What to produce
Total the lines of the listing below that hold the word "ESTATURA". Output nothing except that number.
========
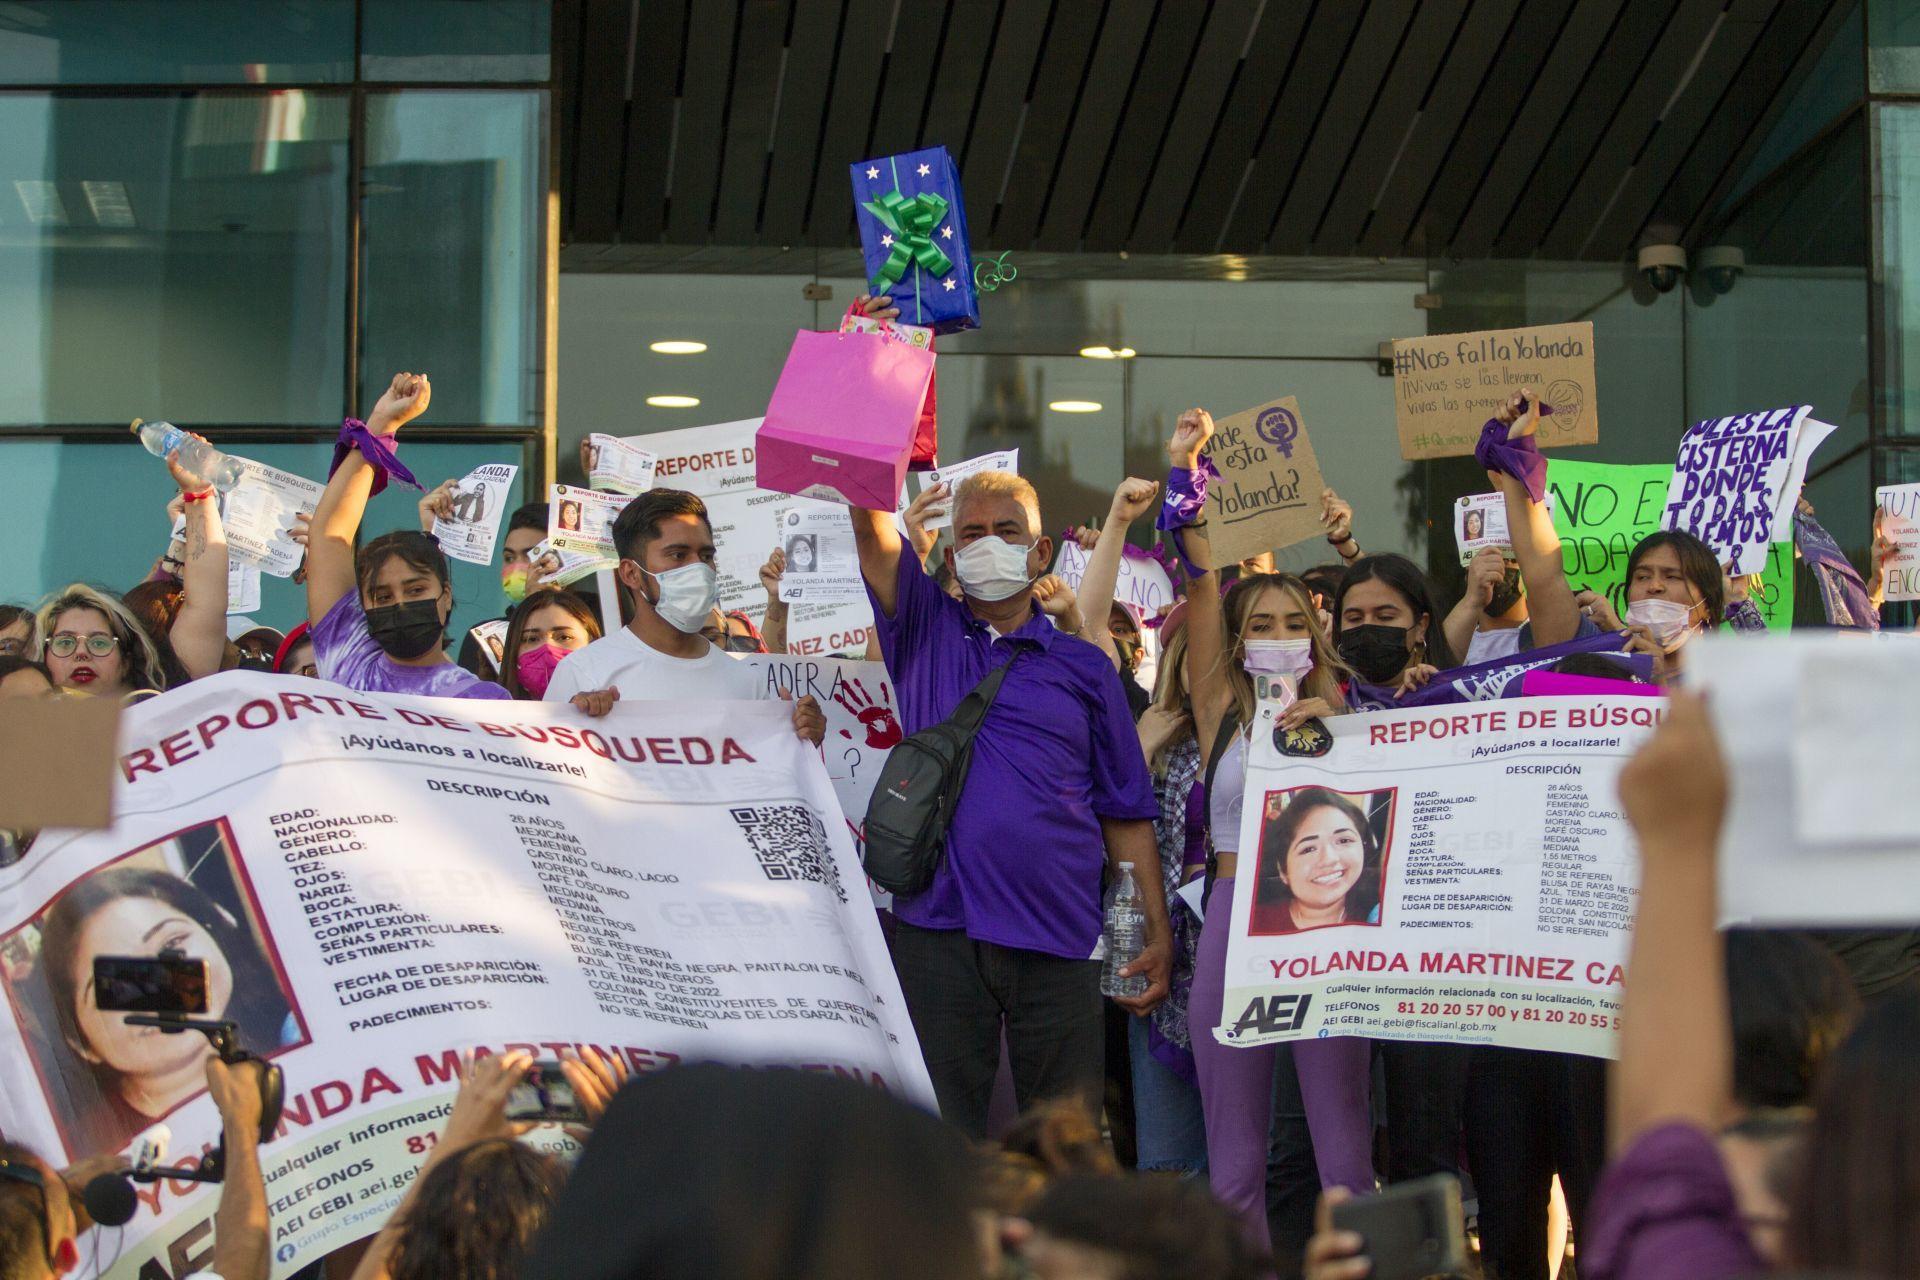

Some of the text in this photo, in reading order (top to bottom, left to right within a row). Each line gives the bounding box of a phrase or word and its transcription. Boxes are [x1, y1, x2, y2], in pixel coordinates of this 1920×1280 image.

[1395, 347, 1449, 374] #Nos
[1514, 335, 1583, 360] Yolanda
[1757, 406, 1799, 432] LA
[1226, 441, 1268, 471] esta
[1675, 430, 1788, 473] CISTERNA
[263, 468, 274, 478] DE
[655, 450, 737, 477] REPORTE
[1682, 461, 1772, 501] DONDE
[1208, 468, 1300, 516] Yolanda?
[1550, 482, 1619, 528] NO
[1667, 488, 1772, 532] TODAS
[1878, 491, 1905, 518] TU
[784, 588, 803, 598] AEI
[1131, 576, 1162, 610] NO
[1370, 709, 1558, 746] REPORTE DE
[118, 692, 757, 783] REPORTE DE BÚSQUEDA
[340, 734, 588, 779] ¡Ayúdanos a localizarle!
[1470, 737, 1621, 758] ¡Ayúdanos localizarle!
[1505, 763, 1582, 775] DESCRIPCIÓN
[426, 778, 551, 806] DESCRIPCIÓN
[1415, 790, 1440, 799] EDAD:
[1547, 792, 1589, 801] MEXICANA
[1558, 783, 1583, 792] AÑOS
[1412, 805, 1452, 815] GÉNERO:
[1413, 796, 1478, 808] NACIONALIDAD:
[1546, 801, 1590, 809] FEMENINO
[268, 807, 320, 825] EDAD:
[528, 814, 565, 831] AÑOS
[1412, 814, 1454, 823] CABELLO:
[1545, 818, 1582, 827] MORENA
[1546, 808, 1587, 819] CASTAÑO
[274, 813, 399, 838] NACIONALIDAD:
[1411, 823, 1429, 831] TEZ:
[1544, 825, 1607, 836] CAFÉ OSCURO
[279, 828, 356, 850] GÉNERO:
[515, 826, 581, 845] MEXICANA
[1409, 839, 1436, 848] NARIZ:
[1410, 831, 1437, 840] OJOS:
[1543, 835, 1580, 844] MEDIANA
[284, 841, 368, 863] CABELLO:
[520, 836, 587, 857] FEMENINO
[1408, 847, 1436, 856] BOCA:
[1543, 844, 1580, 852] MEDIANA
[526, 848, 680, 884] CASTAÑO LACIO
[1407, 854, 1455, 862] ESTATURA:
[1542, 861, 1582, 871] REGULAR
[1561, 853, 1598, 862] METROS
[289, 861, 326, 877] TEZ:
[532, 860, 588, 879] MORENA
[1406, 867, 1503, 876] SEÑAS PARTICULARES:
[1569, 872, 1613, 881] REFIEREN
[294, 870, 347, 888] OJOS:
[1404, 877, 1461, 886] VESTIMENTA:
[1540, 879, 1615, 891] BLUSA RAYAS
[299, 882, 353, 902] NARIZ:
[543, 884, 599, 904] MEDIANA
[575, 879, 630, 900] OSCURO
[1402, 893, 1513, 903] FECHA DESAPARICIÓN:
[1567, 889, 1629, 903] TENIS NEGROS
[304, 894, 357, 914] BOCA:
[548, 895, 605, 915] MEDIANA
[1401, 902, 1514, 913] LUGAR DESAPARICIÓN:
[1564, 898, 1595, 908] MARZO
[309, 902, 403, 928] ESTATURA:
[582, 913, 636, 933] METROS
[1400, 920, 1474, 929] PADECIMIENTOS:
[314, 912, 431, 940] COMPLEXIÓN:
[560, 919, 622, 940] REGULAR
[1566, 926, 1609, 938] REFIEREN
[320, 923, 504, 953] SEÑAS PARTICULARES:
[323, 938, 435, 967] VESTIMENTA:
[608, 939, 673, 960] REFIEREN
[617, 962, 715, 986] TENIS NEGROS
[639, 956, 682, 973] RAYAS
[1269, 950, 1575, 982] YOLANDA MARTINEZ
[334, 959, 541, 993] FECHA DE DESAPARICIÓN:
[623, 974, 666, 991] MARZO
[339, 972, 549, 1006] LUGAR DE DESAPARICIÓN:
[1326, 983, 1596, 1008] Cualquier información relacionada con localización,
[655, 992, 777, 1009] CONSTITUYENTES
[349, 999, 492, 1032] PADECIMIENTOS:
[644, 1011, 710, 1031] REFIEREN
[684, 1006, 742, 1021] NICOLAS
[1232, 993, 1313, 1038] AEI
[1322, 1016, 1338, 1026] AEI
[1340, 1015, 1364, 1025] GEBI
[1324, 1002, 1608, 1029] TELEFONOS 81 20 20 57 00 y 81 20 20 55
[276, 1193, 354, 1243] AEI GEBI
========
Answer to this exercise
2